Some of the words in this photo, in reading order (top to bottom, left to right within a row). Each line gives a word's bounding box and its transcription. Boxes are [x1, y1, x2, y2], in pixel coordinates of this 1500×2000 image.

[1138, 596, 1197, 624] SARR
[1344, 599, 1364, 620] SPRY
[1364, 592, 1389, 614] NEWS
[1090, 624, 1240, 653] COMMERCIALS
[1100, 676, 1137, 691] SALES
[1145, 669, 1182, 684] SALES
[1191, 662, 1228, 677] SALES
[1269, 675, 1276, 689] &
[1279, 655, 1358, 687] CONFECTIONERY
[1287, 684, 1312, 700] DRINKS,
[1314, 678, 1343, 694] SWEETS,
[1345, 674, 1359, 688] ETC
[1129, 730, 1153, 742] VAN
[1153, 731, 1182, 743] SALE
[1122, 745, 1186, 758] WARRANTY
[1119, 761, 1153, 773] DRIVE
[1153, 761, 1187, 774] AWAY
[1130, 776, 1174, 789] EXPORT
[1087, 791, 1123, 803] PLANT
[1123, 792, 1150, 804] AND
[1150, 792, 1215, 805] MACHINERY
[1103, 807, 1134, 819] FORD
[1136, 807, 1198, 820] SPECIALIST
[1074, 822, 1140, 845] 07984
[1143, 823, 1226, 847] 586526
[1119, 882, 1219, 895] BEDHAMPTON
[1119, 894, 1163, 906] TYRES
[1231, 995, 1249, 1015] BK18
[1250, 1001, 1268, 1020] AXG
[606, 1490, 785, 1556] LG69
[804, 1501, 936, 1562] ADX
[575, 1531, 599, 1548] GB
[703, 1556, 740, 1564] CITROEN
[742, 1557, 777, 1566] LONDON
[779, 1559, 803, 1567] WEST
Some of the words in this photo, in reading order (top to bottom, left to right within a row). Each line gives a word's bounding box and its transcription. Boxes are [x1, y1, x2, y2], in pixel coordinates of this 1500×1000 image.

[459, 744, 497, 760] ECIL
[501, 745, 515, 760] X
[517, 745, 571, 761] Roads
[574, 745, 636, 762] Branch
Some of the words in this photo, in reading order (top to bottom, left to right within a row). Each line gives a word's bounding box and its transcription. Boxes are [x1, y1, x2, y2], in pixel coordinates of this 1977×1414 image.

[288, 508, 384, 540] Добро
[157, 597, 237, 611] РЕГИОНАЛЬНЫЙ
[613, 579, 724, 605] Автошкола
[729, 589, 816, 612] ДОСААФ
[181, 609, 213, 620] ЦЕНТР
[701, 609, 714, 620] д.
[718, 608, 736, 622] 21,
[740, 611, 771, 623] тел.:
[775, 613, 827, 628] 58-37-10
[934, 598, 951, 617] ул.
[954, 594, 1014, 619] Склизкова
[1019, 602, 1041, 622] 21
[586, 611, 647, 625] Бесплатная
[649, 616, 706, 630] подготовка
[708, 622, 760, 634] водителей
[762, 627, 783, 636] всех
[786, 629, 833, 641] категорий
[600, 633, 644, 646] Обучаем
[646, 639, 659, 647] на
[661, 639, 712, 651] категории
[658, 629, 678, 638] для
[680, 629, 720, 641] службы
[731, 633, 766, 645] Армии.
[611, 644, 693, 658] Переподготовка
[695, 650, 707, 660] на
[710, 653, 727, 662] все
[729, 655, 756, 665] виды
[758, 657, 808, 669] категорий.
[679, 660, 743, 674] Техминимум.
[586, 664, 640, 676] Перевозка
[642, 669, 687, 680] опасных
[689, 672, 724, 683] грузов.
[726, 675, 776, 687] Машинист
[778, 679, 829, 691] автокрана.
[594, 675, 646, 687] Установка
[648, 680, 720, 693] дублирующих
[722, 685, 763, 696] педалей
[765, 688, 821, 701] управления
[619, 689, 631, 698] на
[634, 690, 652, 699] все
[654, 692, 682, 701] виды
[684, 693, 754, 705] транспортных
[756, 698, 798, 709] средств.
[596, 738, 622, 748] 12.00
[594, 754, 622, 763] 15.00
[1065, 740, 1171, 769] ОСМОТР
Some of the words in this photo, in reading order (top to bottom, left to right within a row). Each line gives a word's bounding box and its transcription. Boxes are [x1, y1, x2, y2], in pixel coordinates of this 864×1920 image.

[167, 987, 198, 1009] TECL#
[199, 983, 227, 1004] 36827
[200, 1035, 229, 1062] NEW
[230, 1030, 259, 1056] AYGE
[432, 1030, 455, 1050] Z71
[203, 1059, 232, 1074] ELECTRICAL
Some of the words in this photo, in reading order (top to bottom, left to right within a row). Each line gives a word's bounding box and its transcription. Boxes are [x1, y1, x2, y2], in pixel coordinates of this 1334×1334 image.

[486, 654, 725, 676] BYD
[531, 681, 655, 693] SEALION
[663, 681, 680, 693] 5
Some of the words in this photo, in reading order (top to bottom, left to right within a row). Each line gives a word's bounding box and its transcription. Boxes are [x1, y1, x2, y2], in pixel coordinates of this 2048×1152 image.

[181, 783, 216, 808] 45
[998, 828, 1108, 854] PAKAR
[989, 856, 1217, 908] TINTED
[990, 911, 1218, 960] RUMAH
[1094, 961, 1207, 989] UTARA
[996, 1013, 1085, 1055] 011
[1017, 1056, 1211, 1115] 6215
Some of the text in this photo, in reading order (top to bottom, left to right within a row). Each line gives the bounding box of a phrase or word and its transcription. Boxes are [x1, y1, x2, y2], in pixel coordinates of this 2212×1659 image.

......

_What you need to do_
Your job is to retype all of the material exactly.

_Reply_
Some of the words in this photo, in reading order (top to bottom, left to right within a row). Each line gives a word's bounding box and its transcription. Boxes are [x1, y1, x2, y2], in pixel coordinates of this 1500×2000 image.

[1138, 596, 1197, 624] SARR
[1344, 599, 1364, 620] SPRY
[1364, 592, 1389, 614] NEWS
[1090, 624, 1240, 653] COMMERCIALS
[1100, 676, 1137, 691] SALES
[1145, 669, 1182, 684] SALES
[1191, 662, 1228, 677] SALES
[1269, 675, 1276, 689] &
[1279, 655, 1358, 687] CONFECTIONERY
[1287, 684, 1312, 700] DRINKS,
[1314, 678, 1343, 694] SWEETS,
[1345, 674, 1359, 688] ETC
[1129, 730, 1153, 742] VAN
[1153, 731, 1182, 743] SALE
[1122, 745, 1186, 758] WARRANTY
[1119, 761, 1153, 773] DRIVE
[1153, 761, 1187, 774] AWAY
[1130, 776, 1174, 789] EXPORT
[1087, 791, 1123, 803] PLANT
[1123, 792, 1150, 804] AND
[1150, 792, 1215, 805] MACHINERY
[1103, 807, 1134, 819] FORD
[1136, 807, 1198, 820] SPECIALIST
[1074, 822, 1140, 845] 07984
[1143, 823, 1226, 847] 586526
[1119, 882, 1219, 895] BEDHAMPTON
[1119, 894, 1163, 906] TYRES
[1231, 995, 1249, 1015] BK18
[1250, 1001, 1268, 1020] AXG
[606, 1490, 785, 1556] LG69
[804, 1501, 936, 1562] ADX
[575, 1531, 599, 1548] GB
[703, 1556, 740, 1564] CITROEN
[742, 1557, 777, 1566] LONDON
[779, 1559, 803, 1567] WEST
Some of the words in this photo, in reading order (top to bottom, left to right within a row). Each line gives a word's bounding box and its transcription. Boxes are [x1, y1, x2, y2], in pixel coordinates of this 1500×1000 image.

[459, 744, 497, 760] ECIL
[501, 745, 515, 760] X
[517, 745, 571, 761] Roads
[574, 745, 636, 762] Branch
Some of the words in this photo, in reading order (top to bottom, left to right within a row). Each line gives a word's bounding box and its transcription. Boxes are [x1, y1, x2, y2], in pixel coordinates of this 1977×1414 image.

[288, 508, 384, 540] Добро
[157, 597, 237, 611] РЕГИОНАЛЬНЫЙ
[613, 579, 724, 605] Автошкола
[729, 589, 816, 612] ДОСААФ
[181, 609, 213, 620] ЦЕНТР
[701, 609, 714, 620] д.
[718, 608, 736, 622] 21,
[740, 611, 771, 623] тел.:
[775, 613, 827, 628] 58-37-10
[934, 598, 951, 617] ул.
[954, 594, 1014, 619] Склизкова
[1019, 602, 1041, 622] 21
[586, 611, 647, 625] Бесплатная
[649, 616, 706, 630] подготовка
[708, 622, 760, 634] водителей
[762, 627, 783, 636] всех
[786, 629, 833, 641] категорий
[600, 633, 644, 646] Обучаем
[646, 639, 659, 647] на
[661, 639, 712, 651] категории
[658, 629, 678, 638] для
[680, 629, 720, 641] службы
[731, 633, 766, 645] Армии.
[611, 644, 693, 658] Переподготовка
[695, 650, 707, 660] на
[710, 653, 727, 662] все
[729, 655, 756, 665] виды
[758, 657, 808, 669] категорий.
[679, 660, 743, 674] Техминимум.
[586, 664, 640, 676] Перевозка
[642, 669, 687, 680] опасных
[689, 672, 724, 683] грузов.
[726, 675, 776, 687] Машинист
[778, 679, 829, 691] автокрана.
[594, 675, 646, 687] Установка
[648, 680, 720, 693] дублирующих
[722, 685, 763, 696] педалей
[765, 688, 821, 701] управления
[619, 689, 631, 698] на
[634, 690, 652, 699] все
[654, 692, 682, 701] виды
[684, 693, 754, 705] транспортных
[756, 698, 798, 709] средств.
[596, 738, 622, 748] 12.00
[594, 754, 622, 763] 15.00
[1065, 740, 1171, 769] ОСМОТР
Some of the words in this photo, in reading order (top to bottom, left to right within a row). Each line gives a word's bounding box and its transcription. Boxes are [x1, y1, x2, y2], in pixel coordinates of this 864×1920 image.

[167, 987, 198, 1009] TECL#
[199, 983, 227, 1004] 36827
[200, 1035, 229, 1062] NEW
[230, 1030, 259, 1056] AYGE
[432, 1030, 455, 1050] Z71
[203, 1059, 232, 1074] ELECTRICAL
Some of the words in this photo, in reading order (top to bottom, left to right within a row). Each line gives a word's bounding box and its transcription. Boxes are [x1, y1, x2, y2], in pixel coordinates of this 1334×1334 image.

[486, 654, 725, 676] BYD
[531, 681, 655, 693] SEALION
[663, 681, 680, 693] 5
Some of the words in this photo, in reading order (top to bottom, left to right within a row). Each line gives a word's bounding box and its transcription. Boxes are [x1, y1, x2, y2], in pixel coordinates of this 2048×1152 image.

[181, 783, 216, 808] 45
[998, 828, 1108, 854] PAKAR
[989, 856, 1217, 908] TINTED
[990, 911, 1218, 960] RUMAH
[1094, 961, 1207, 989] UTARA
[996, 1013, 1085, 1055] 011
[1017, 1056, 1211, 1115] 6215
Some of the text in this photo, in reading order (top to bottom, left to right within a row). Each line gives the bounding box of a phrase or word and its transcription. Boxes are [x1, y1, x2, y2], in pixel coordinates of this 2212×1659 image.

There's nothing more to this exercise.